Active and placebo products were randomly applied on the right or left side of the face. A restricted randomization list was computer-generated (PASS 11, version 11.0.8, PASS, LLC, Kaysville, UT, USA) using the “Efron’s biased coin” algorithm by an external statistician. The active product was a cream containing 1.5% of a standardized artichoke leaf extract (CYNAGE^TM, Bionap S.r.l., Piano Tavola Belpasso, CT, Italy). The extract contained (w/w) 1–3% chlorogenic acid and its derivatives. The complete ingredient list of the active product is: AQUA/WATER, GLYCERIN, ISOAMYL COCOATE, ETHYLHEXYL STEARATE, GLYCERYL STEARATE CITRATE, HYDROXYETHYLACRYLATE/SODIUM ACRYLOYDIMETHYLTAURATE COPOLYMER, MALTODEXTRIN, POLYISOBUTENE, PEG-7 TRIMETHYLOLPROPANE COCONUT ETHER, CYNARA SCOLIMUS LEAF EXTRACT, PHENOXYETHANOL, ETHYHEXYLGLYCERIN, BENZOIC ACID, DEHYDROACETIC ACID, HYDROXYACETOPHENONE, XANTHAN GUM, SODIUM PHYTATE, ALCOHOL, TOCOPHEROL, SODIUM HYDROXIDE. The placebo formula was the same as the active formula without the active ingredients (CYNARA SCOLYMUS LEAF EXTRACT and MALTODEXTRIN). Both the active and the placebo products were applied twice a day in the morning and in the evening on cleansed skin.

2.4. Outcomes

2.4.1. Skin Profilometry

Wrinkle depth and skin roughness (Ra parameter) were measured in the periocular area (“crow’s feet” wrinkles) using small-field PRIMOS^CR (Canfield Scientific GmbH, Bielefeld, Germany). The small-field PRIMOS^CR is a real 3D camera based on fringe projection, with a field of view of 45 × 30 × 25 mm (L × W × H) and a resolution of 20 × 20 × 2 μm (X,Y,Z). Subject repositioning was ensured by a stereotactic face device (Canfield Scientific GmbH, Bielefeld, Germany). The wrinkle depth was measured as the maximum length of the furrow over its transversal section. The Ra parameter was calculated as the average of the absolute values of profile heights of the lines within the measurement area.

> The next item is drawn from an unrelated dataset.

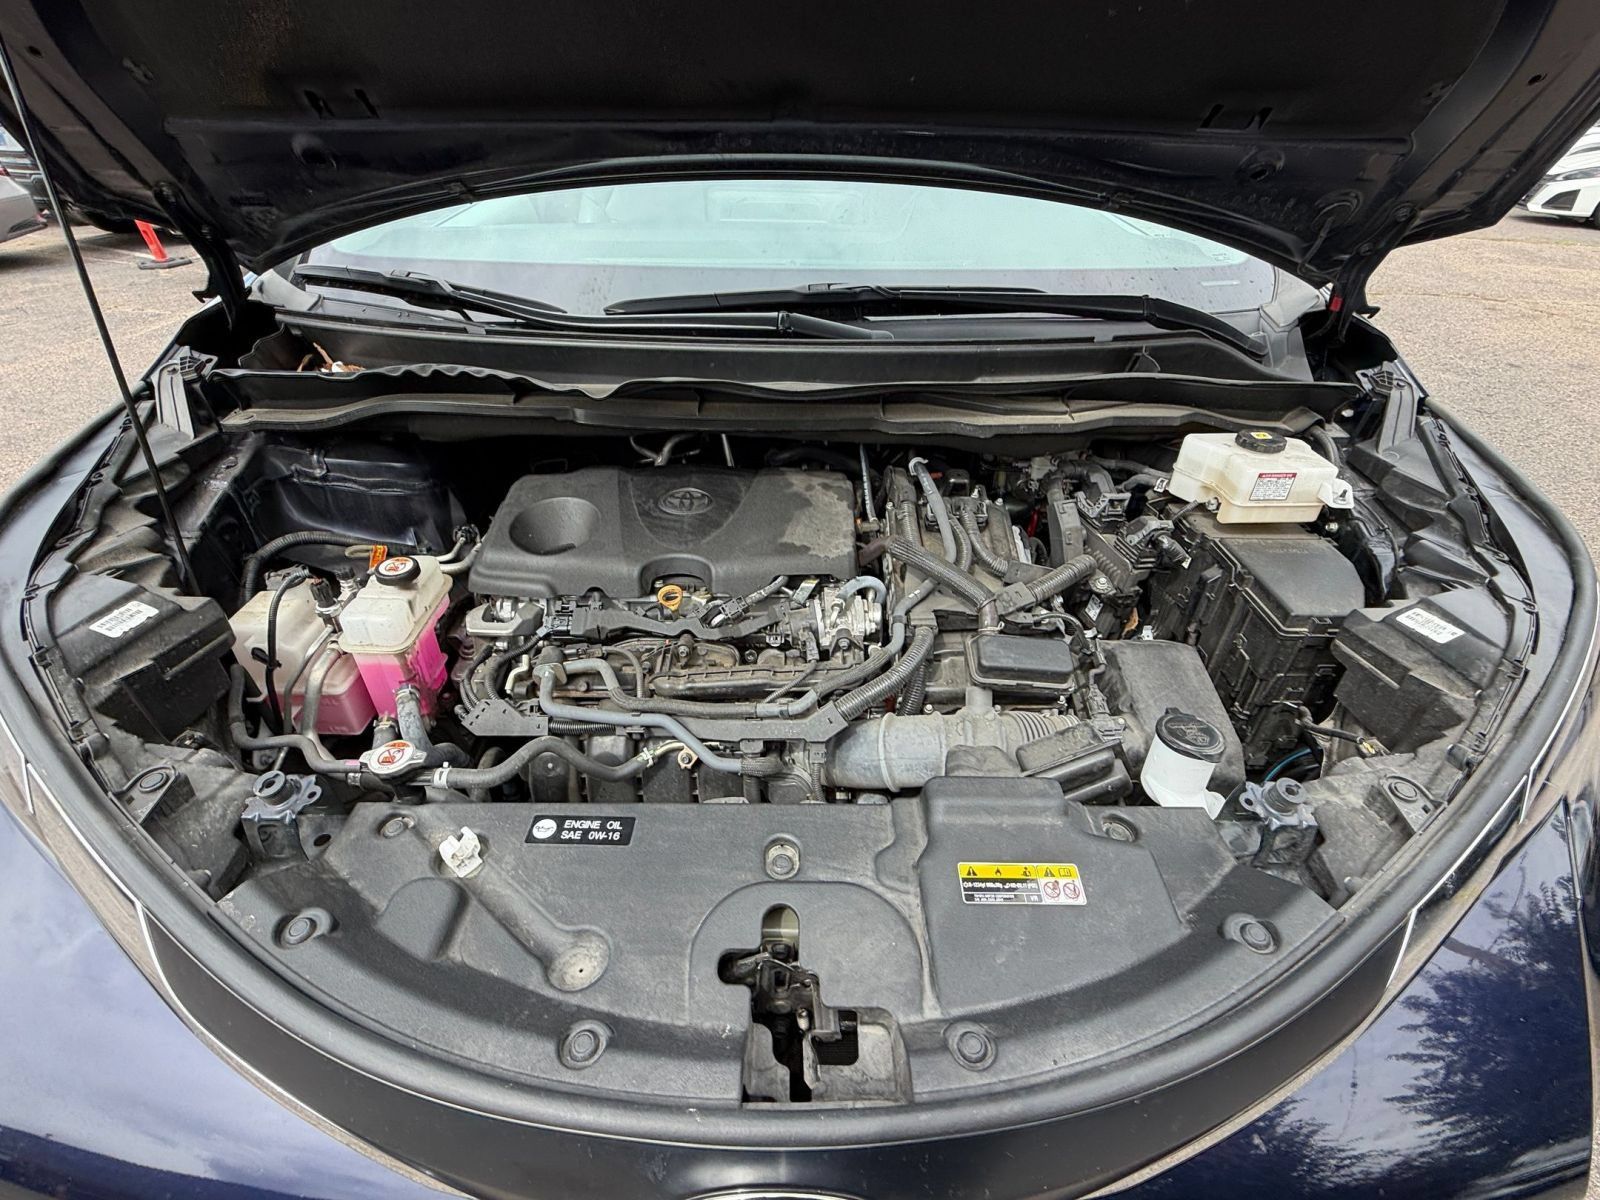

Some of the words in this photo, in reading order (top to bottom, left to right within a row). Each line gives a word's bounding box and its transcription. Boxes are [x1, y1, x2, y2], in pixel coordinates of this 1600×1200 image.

[563, 819, 601, 829] ENGINE
[606, 820, 623, 830] OIL
[560, 830, 582, 840] SAE
[588, 831, 621, 841] 0W-16

The wrinkle depth measurements were integrated in a calibration curve correlating age with the wrinkle depth to calculate the biological age or the “younger skin effect”.

2.4.2. Skin Radiance

Skin radiance was measured by a spectrophotometer/colorimeter CM-700D (Konica Minolta, Tokyo, Japan). The measured parameter was the 8° gloss (gloss value with the specular reflection in the direction of 8°).

2.4.3. Biochemical Parameters

The total skin antioxidant capacity and skin inflammation were measured on using skin strippings. Non-invasive skin sampling was carried out using Corneofix^® foils (Courage + Khazaka Electronic, Köln, Germany) (Figure S1). Ten strippings were collected under standard pressure conditions. The first stripping was discharged, while stripping no. 2 and 3 and stripping no. 2 to 11 were collected and stored at −80 °C for a Ferric Reducing Antioxidant Power (FRAP) assay and TNF-α dosage, respectively. The skin strippings for FRAP and TNF-a dosage tests were taken from two adjacent areas of the face.

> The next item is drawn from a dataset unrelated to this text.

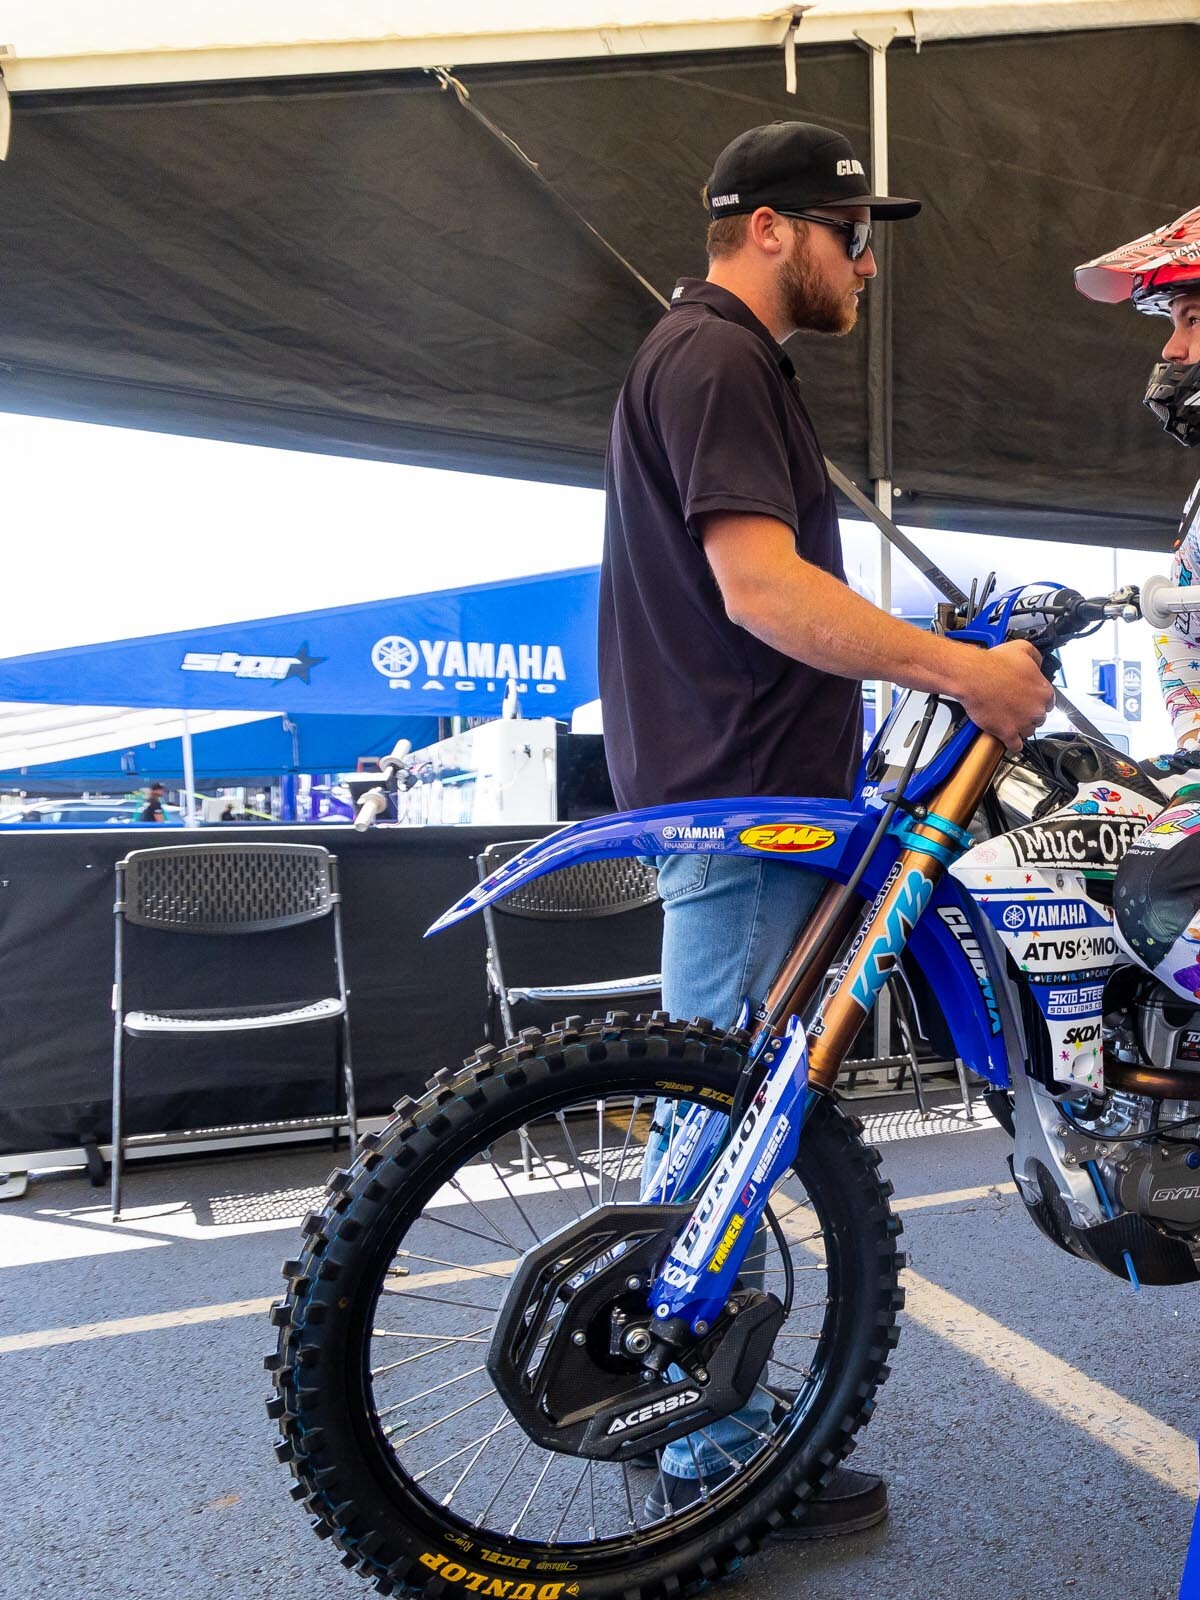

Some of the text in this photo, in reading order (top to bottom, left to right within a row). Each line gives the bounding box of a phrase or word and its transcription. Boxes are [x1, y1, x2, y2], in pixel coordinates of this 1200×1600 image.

Ferric Reducing Antioxidant Power (FRAP) assay. The total antioxidant capacity was measured via a Ferric Reducing Antioxidant Power (FRAP) assay as described by Benzie and Strain [25]. The FRAP assay is a colorimetric assay based on the reduction by antioxidants of a ferric-tripyridyltriazine (Fe^III-TPTZ) complex to the ferrous (Fe^II) form. The reduction of Fe^III-TPTZ to Fe^II-TPTZ forms an intense blue color. Briefly, 100 µL of distilled water and 500 µL of working FRAP reagent (200 mL acetate buffer, 20 mL TPTZ solution and 20 mL FeCl₃ 6H₂O solution) were added to 12 multiwell plates containing the skin strippings. The samples were then incubated for 30 min at 37 °C under continuous agitation using a microplate incubator/shaker (VWR^® Microplate Shaker, VWR International, LLC, Milan, Italy). Absorbance was read at 595 nm using a microplate reader (BioTek Synergy LX Multimode Reader, Agilent Technologies, Inc., Santa Clara, CA, USA).

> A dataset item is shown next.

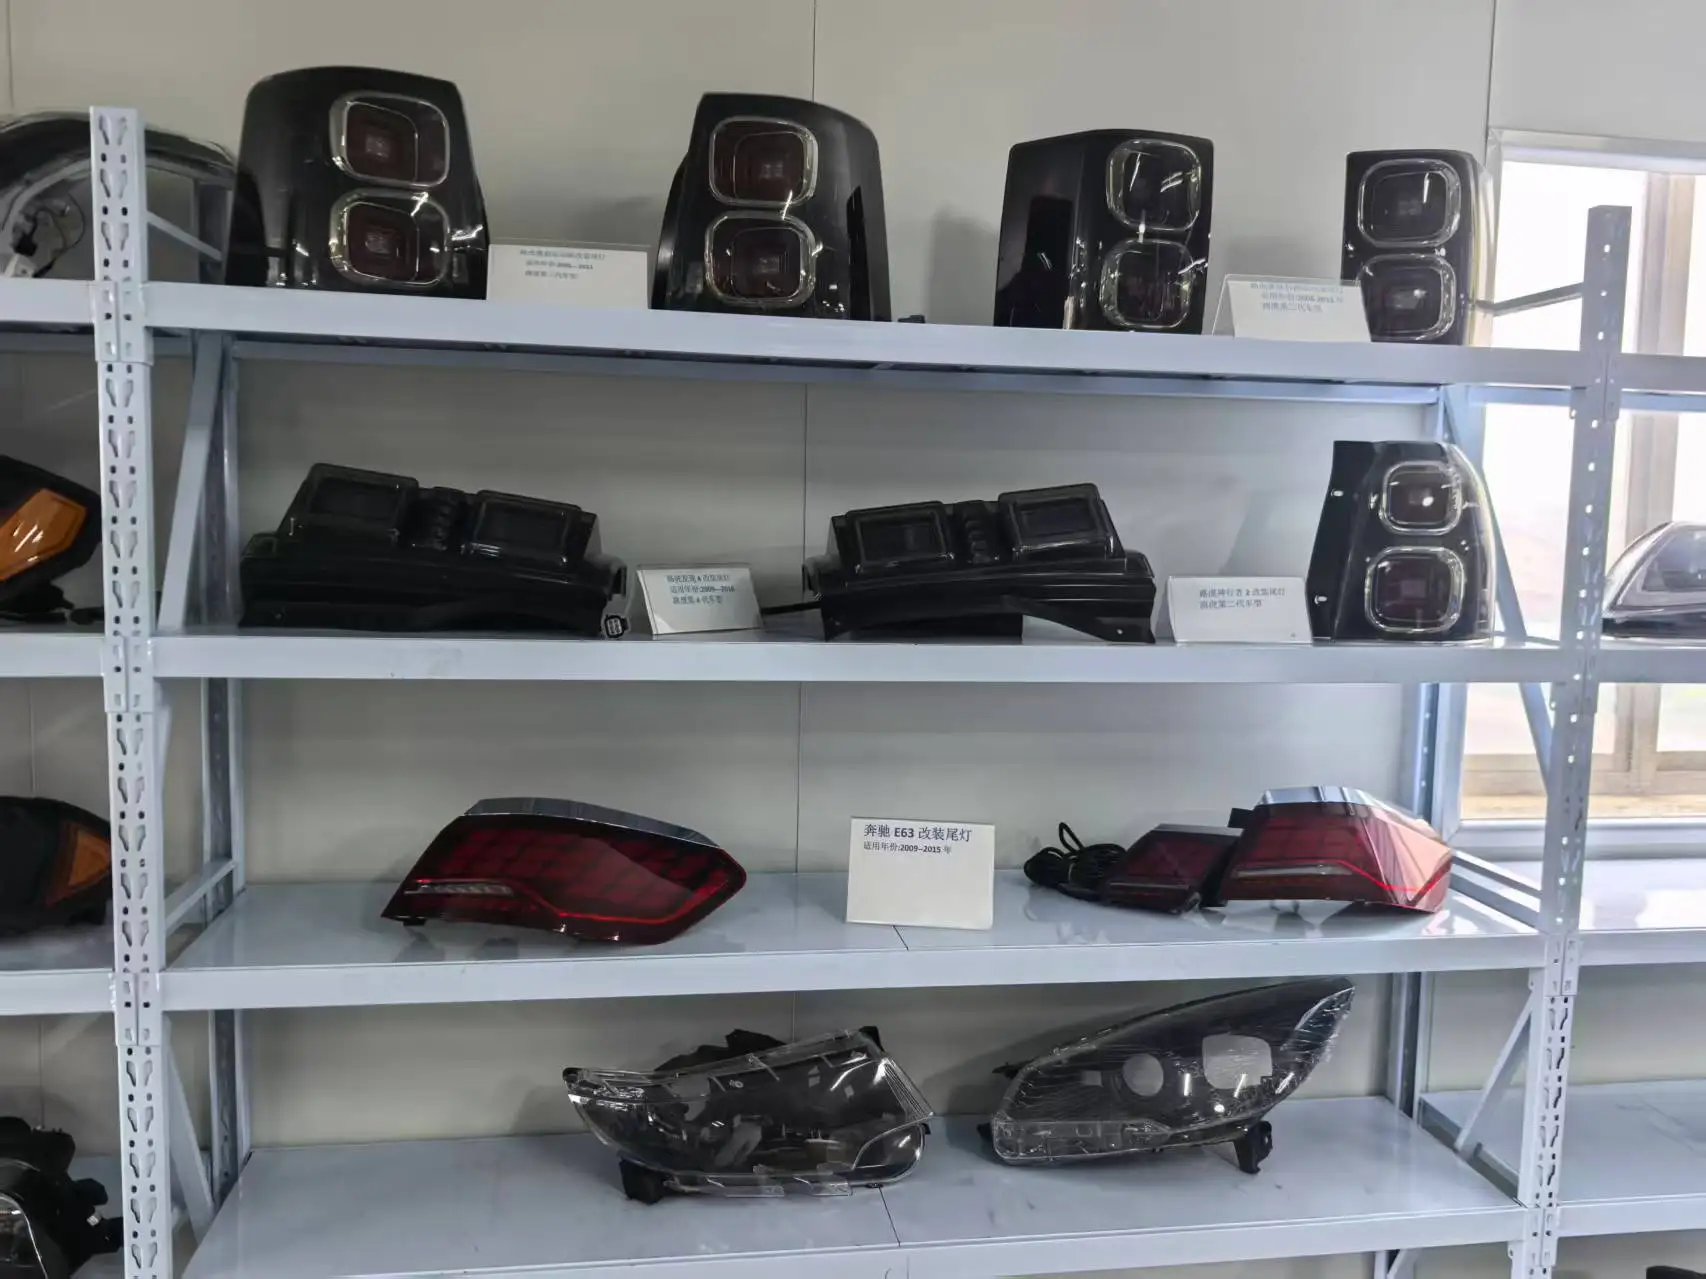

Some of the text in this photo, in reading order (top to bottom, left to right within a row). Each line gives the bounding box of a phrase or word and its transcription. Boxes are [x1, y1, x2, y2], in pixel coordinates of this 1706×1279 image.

[864, 824, 972, 842] 奔驰 E63 改装尾灯

TNF-α dosage. The TNF-α concentration was measured via a commercially available ELISA kit (Catalog no. E-EL-H0109, Elabscience, Houston, TX, USA). Before the analysis, skin strippings were extracted in a 1% tween 20 (Merk Life Science S.r.l., Milan, Italy) water solution. The assay was carried out according to the manufacturer’s instructions. Briefly, 100 µL of sample, blank or dilution of standard was added into the appropriate wells and incubated for 90 min at 37 °C (VWR^® Microplate Shaker, VWR International, LLC, Milan Italy). After incubation, the liquid of each well was decanted and 100 µL of Biotinylated Detection Ab working solution (1× concentrated biotinylated detection Ab: 99× biotinylated detection Ab diluent) was added to each well and incubated for 60 min at 37 °C. The solution of each well was then decanted and 350 µL of wash buffer (30 mL of concentrated wash buffer with 720 mL of distilled water) was added to each well; after 1 min, the solution was aspirated and pat dried using clean absorbent paper 3 times and 100 µL of HRP conjugate working solution (1× Concentrated HRP Conjugate: 99× HRP Conjugate Diluent) was added to each well. The wells were incubated for 30 min at 37 °C, the solution from each well was then decanted and washed 5 times with 350 µL of wash buffer, and 90 µL of substrate reagent was added to each well and incubated for 15 min at 37 °C. A total of 50 µL of stop solution was then added to each well and the optical density was read at 450 nm using a microplate reader (BioTek Synergy LX Multimode Reader, Agilent Technologies, Inc., Santa Clara, CA, USA).

2.4.4. Skin Tolerability

Skin tolerability was assessed by a board-certified dermatologist (G.R. and E.C.). The occurrence of both physical (erythema, edema, desquamation, dryness, others) and functional (itching sensation, stinging sensation, burning sensation, skin tightness, others) skin local tolerance signs was scored as follows: 0. none, 1. very mild, 2. mild, 3. moderate, 4. severe. In the case of any local tolerance sign occurrence, the dermatologist was asked to record the duration of the sign, its localization on the face, and the frequency.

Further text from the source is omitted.